In some embodiments, if there are blocks of sequential, prose-like, text in a document, a recurrent neural network may be used to parse and retrieve the desired text from the document.

FIG. 1 is a schematic diagram of an example interface 100 of the ZQL programming system, according to one embodiment. The example interface 100 may be similar to the GUI of the ZQL programming interface described herein. In this case, the example interface 100 generally shows the overall process of rule development and comparison in accordance with the ZQL programming system mentioned herein. The example interface 100 may display a document 102. The document 102 may have been loaded either as a random document or a non-covered document. The user may make this selection via buttons 106 and 107. If document 102 is a non-covered document, fields 104a and 104b may be entered by the user to determine the grouping of document 102.

The example interface 100 may include a window 108 for a user to visualize an abstract syntax tree RS1 associated with a rule RS2 with the result of executing rule RS2 shown in window 109. Note that the result shown in window 109 corresponds to a field 120 in document 102. The rule RS2 was created using the ZQL programming language syntax of the ZQL programming system.
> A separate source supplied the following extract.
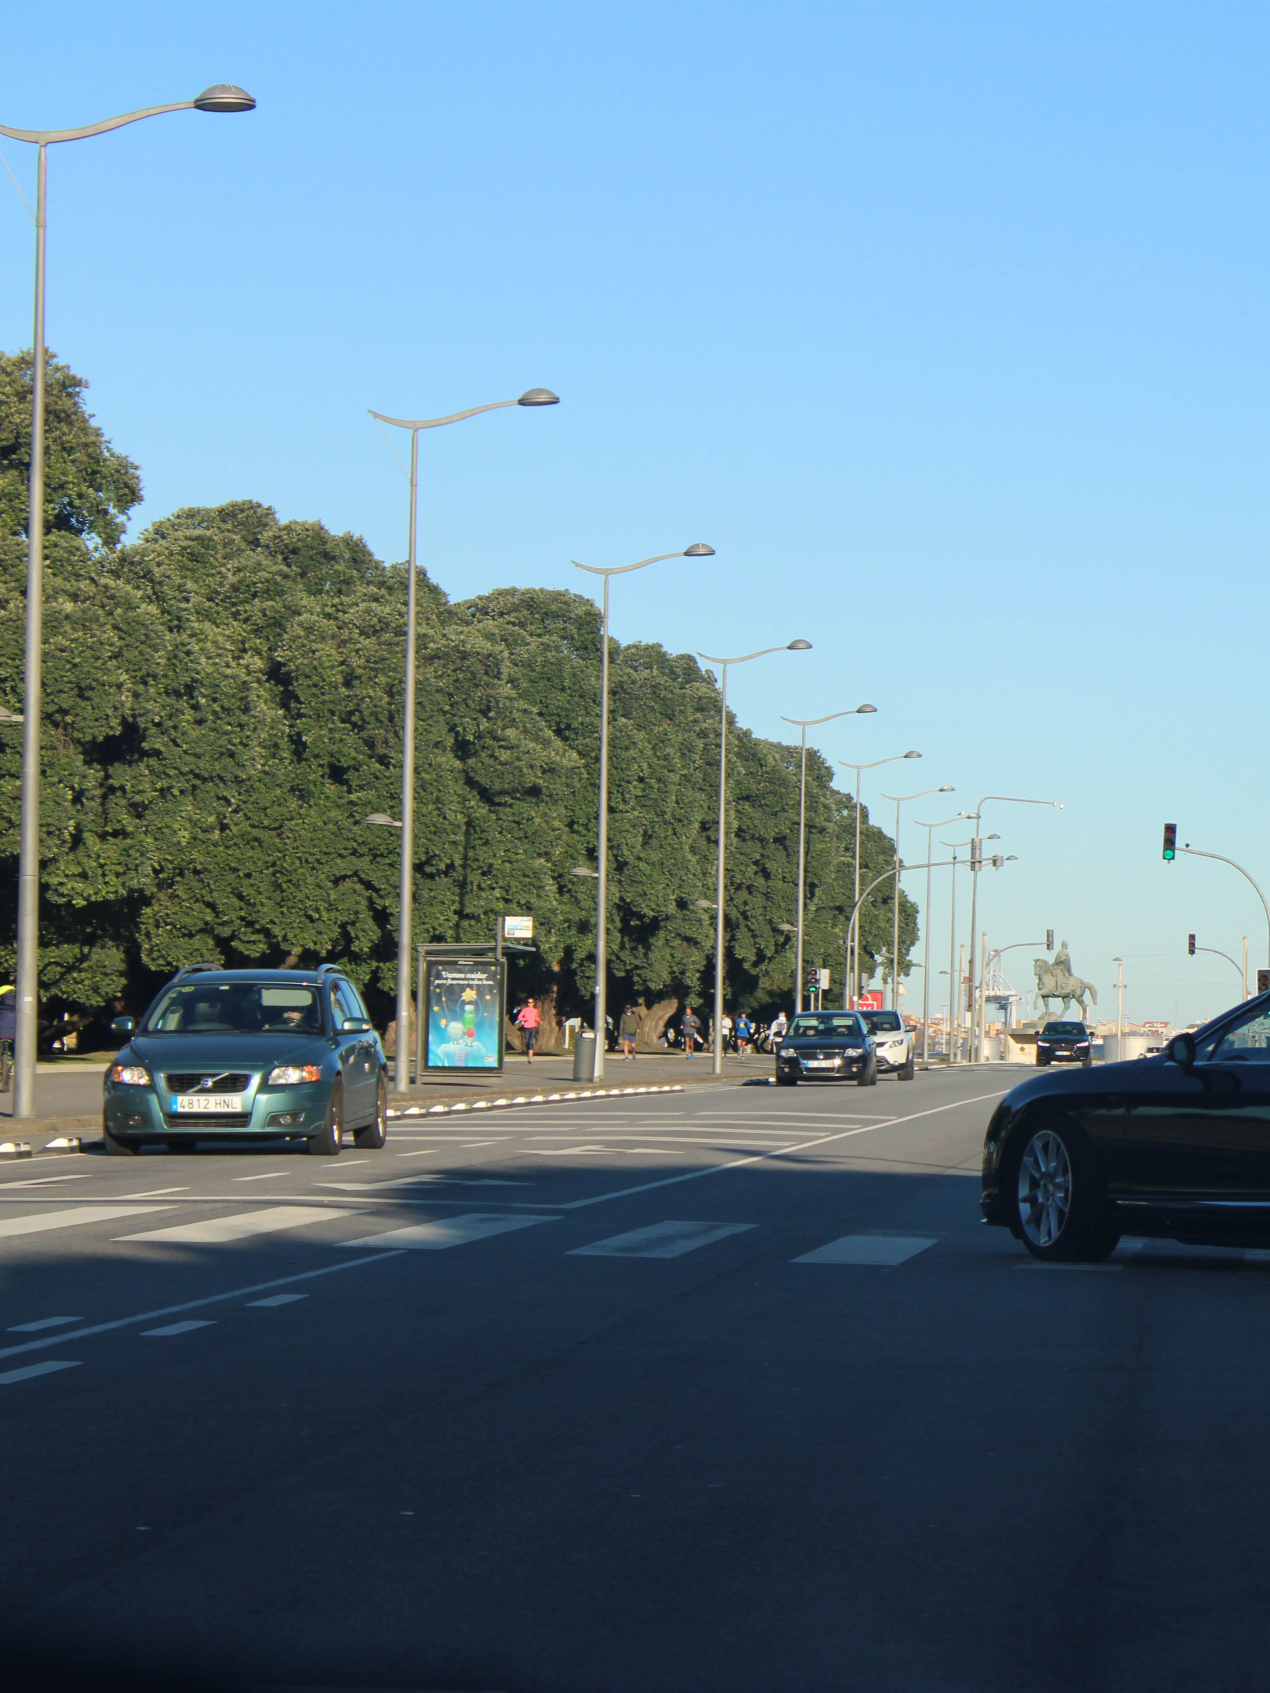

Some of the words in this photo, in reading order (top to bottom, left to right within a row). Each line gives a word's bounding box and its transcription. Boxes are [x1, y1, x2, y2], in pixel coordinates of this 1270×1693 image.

Moreover, the example interface 100 may include window 114 displaying the syntax of rule RS2 being actively developed by the user. The user may reference window 116 to select the appropriate functions for constructing rule RS2. In some cases, the user may add additional functions to the ZQL programming system via window 116 and saving these additional functions via button 117. The functions listed in window 116 are in accordance with the ZQL programming language. When the user has determined the rule RS2 is complete, the user may parse and submit rule RS2 for processing via buttons 118a and 118b producing abstract syntax tree AST1. Afterwards, the abstract syntax tree AST1 may be posted in window 108 and its results posted in window 109, respectively. The user may also save any updates to rule RS2 via button 118c.
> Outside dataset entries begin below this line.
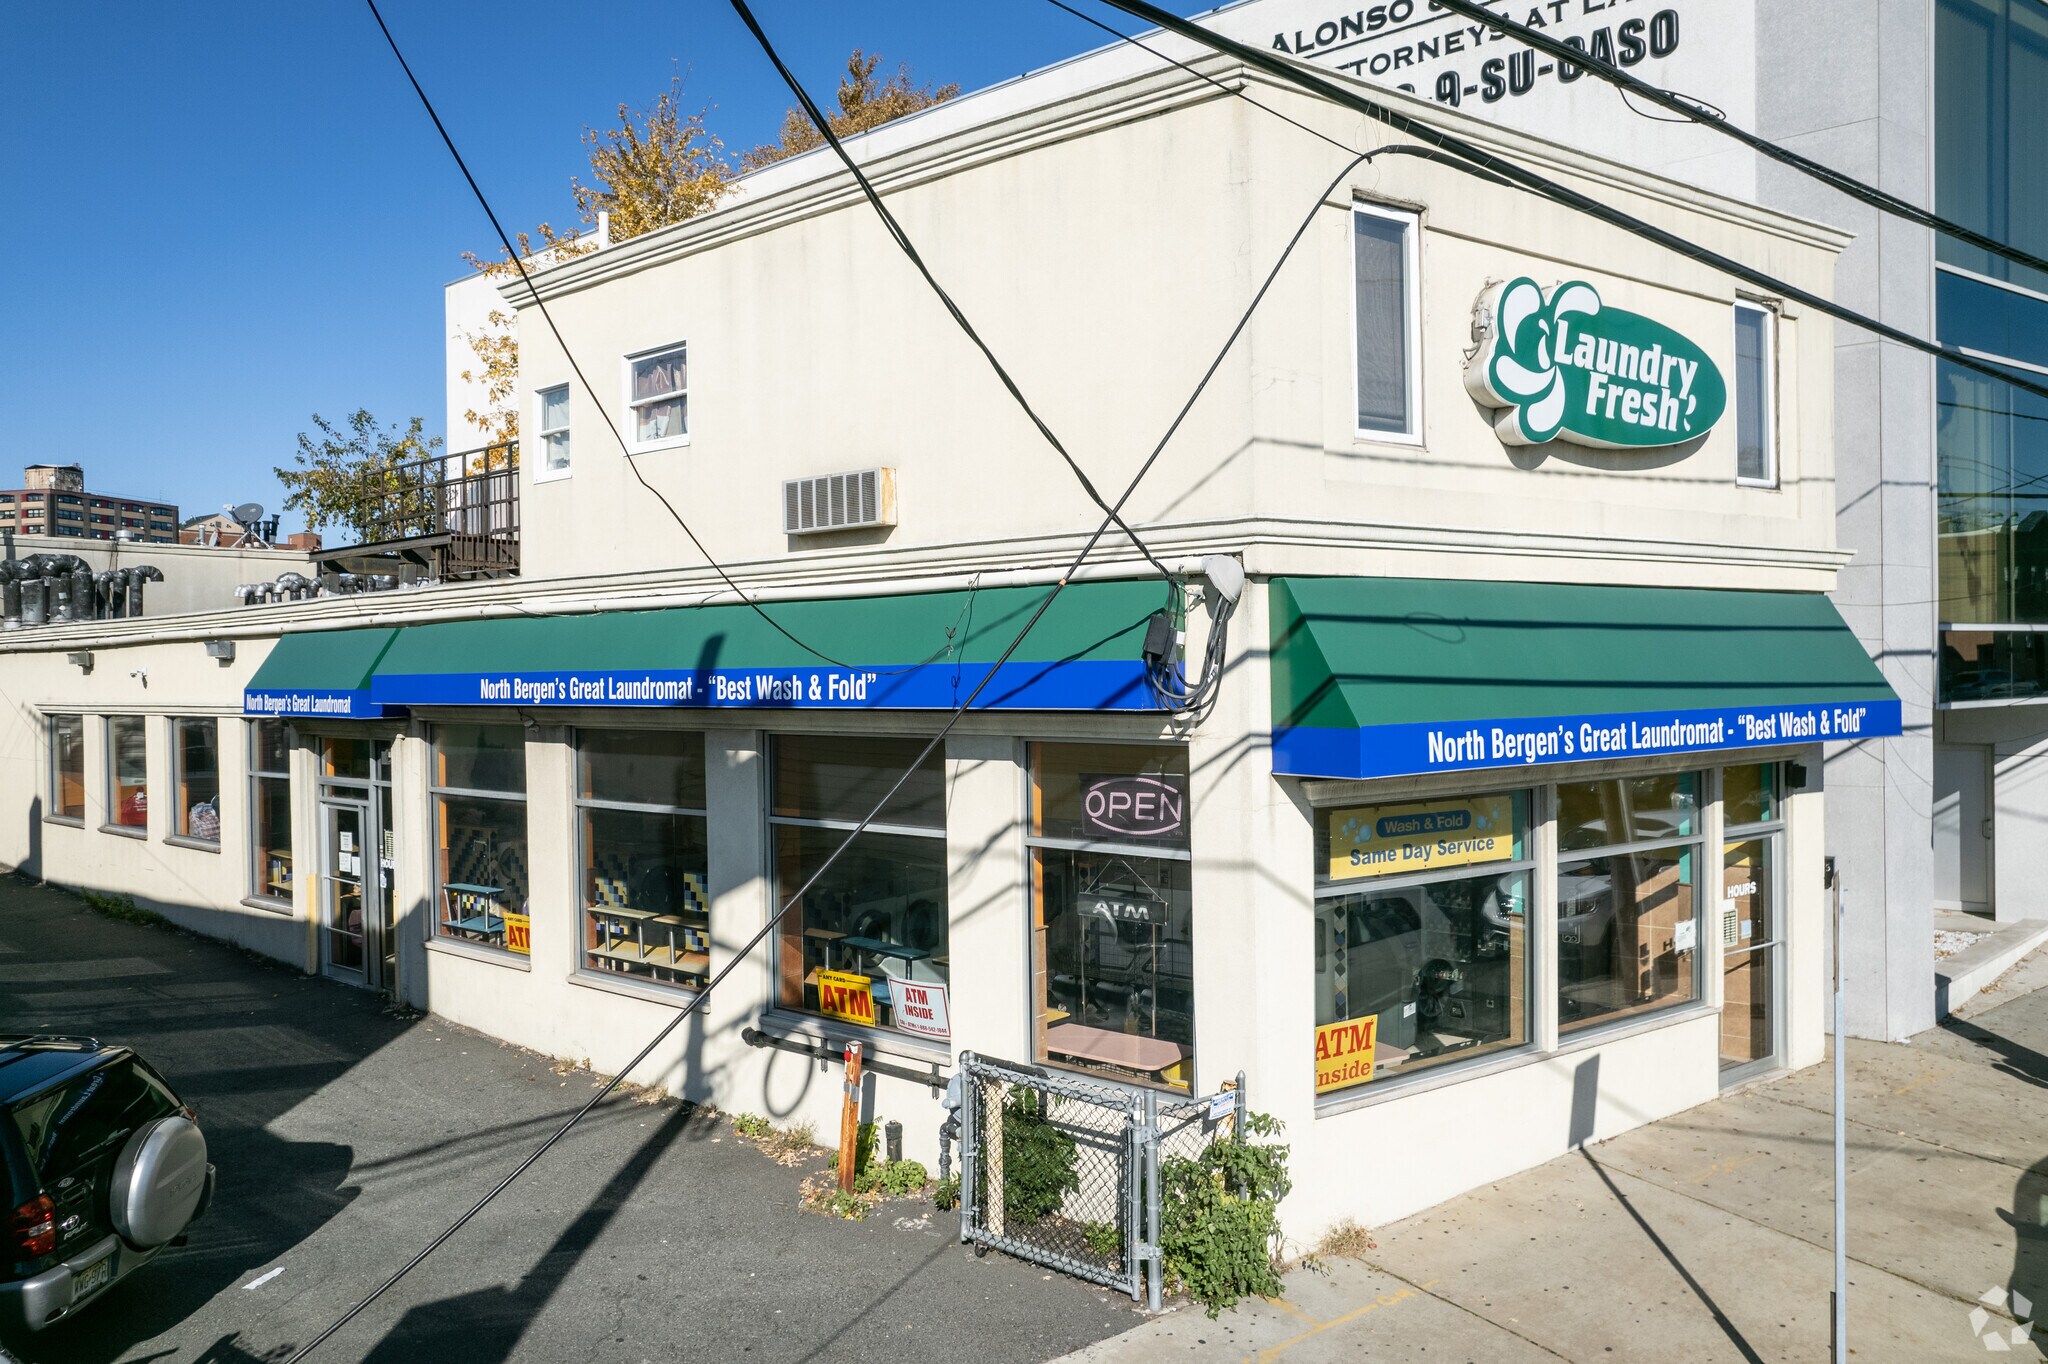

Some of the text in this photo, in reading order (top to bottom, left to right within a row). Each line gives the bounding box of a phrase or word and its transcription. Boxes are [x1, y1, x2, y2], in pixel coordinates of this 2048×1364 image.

[1272, 0, 1414, 54] ALONSO
[1526, 0, 1570, 28] AT
[1554, 319, 1698, 400] Laundry
[1586, 371, 1682, 432] Fresh
[480, 677, 511, 700] North
[514, 676, 566, 704] Bergen’s
[569, 677, 605, 700] Great
[608, 676, 693, 701] Laundromat
[708, 674, 751, 701] “Best
[756, 673, 802, 701] Wash
[808, 673, 822, 701] &
[828, 671, 877, 700] Fold”
[246, 693, 351, 716] North Bergen’s Great Laundromat
[1428, 729, 1485, 763] North
[1491, 725, 1574, 764] Bergen’s
[1580, 722, 1627, 753] Great
[1631, 717, 1724, 750] Laundromat
[1738, 713, 1776, 741] “Best
[1779, 709, 1816, 738] Wash
[1820, 709, 1830, 734] &
[1834, 707, 1866, 734] Fold”
[1085, 790, 1182, 822] OPEN
[1384, 814, 1464, 834] Wash & Fold
[1350, 838, 1494, 866] Same Day Service
[1727, 881, 1757, 898] HOURS
[1092, 899, 1150, 920] ATM
[823, 984, 872, 1018] ATM
[905, 987, 929, 1006] ATM
[904, 1004, 934, 1020] INSIDE
[1315, 1021, 1374, 1061] ATM
During the comparison process, the example interface 100 may display the resulting coverage scores 111, 113 for each of the existing rules RS3 and RS4. The coverage scores 111, 113 may determine what percentage of the sample set has its correct value retrieved by one of the rules. Note that example interface 110 may allow a user to not display the coverage scores 111, 113 via clicking link 122. The existing rules RS3 and RS4 may be previously stored rules which are later retrieved for processing or may be existing rules that are being actively developed.
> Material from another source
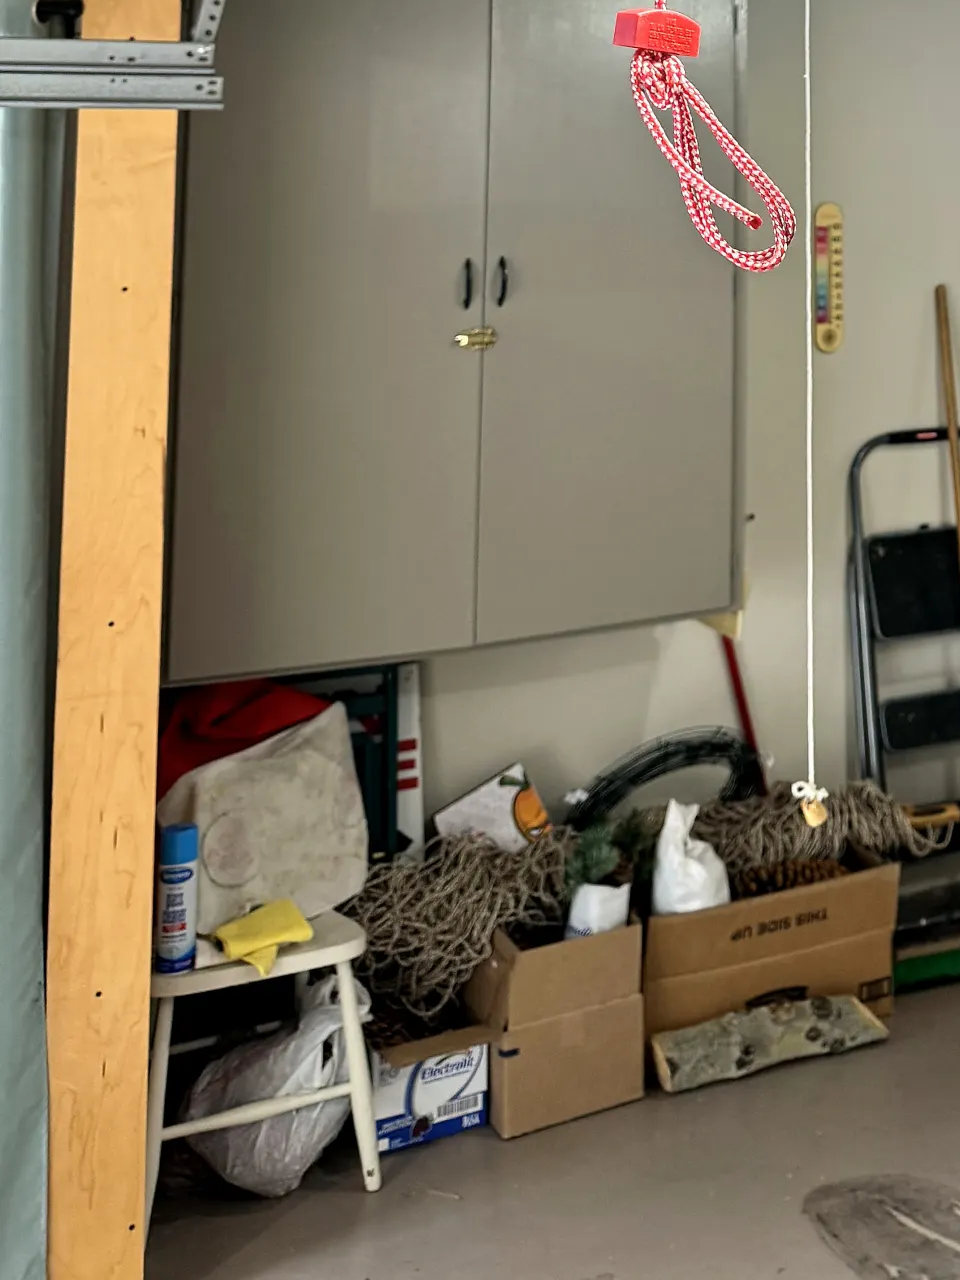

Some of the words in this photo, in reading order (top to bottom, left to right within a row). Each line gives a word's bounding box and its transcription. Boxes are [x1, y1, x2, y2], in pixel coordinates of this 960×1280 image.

[756, 915, 792, 937] SIDE
[794, 907, 829, 928] THIS
[729, 926, 754, 943] UP
FIGS. 2A-2B is workflow 200 of a method for extracting information from documents, according to one embodiment. At block 202, the method includes receiving, using one or more processors, a plurality of sample documents. The method includes retrieving, using the one or more processors, image information for the sample documents, shown at block 204. At block 206, the method includes generating, using the one or more processors, hierarchical and spatial data of the image information of the sample documents to be used in a knowledge graph, wherein the knowledge graph defines hierarchical and spatial relationships between the sample documents. The knowledge graph defines hierarchical and spatial relationships in the sample documents. At block 208, the method includes determining, using the one or more processors, a plurality of rules applicable for processing the sample documents. At block 210, upon determining the rules applicable for processing the sample documents, retrieving, using the one or more processors, the rules applicable for processing the sample documents.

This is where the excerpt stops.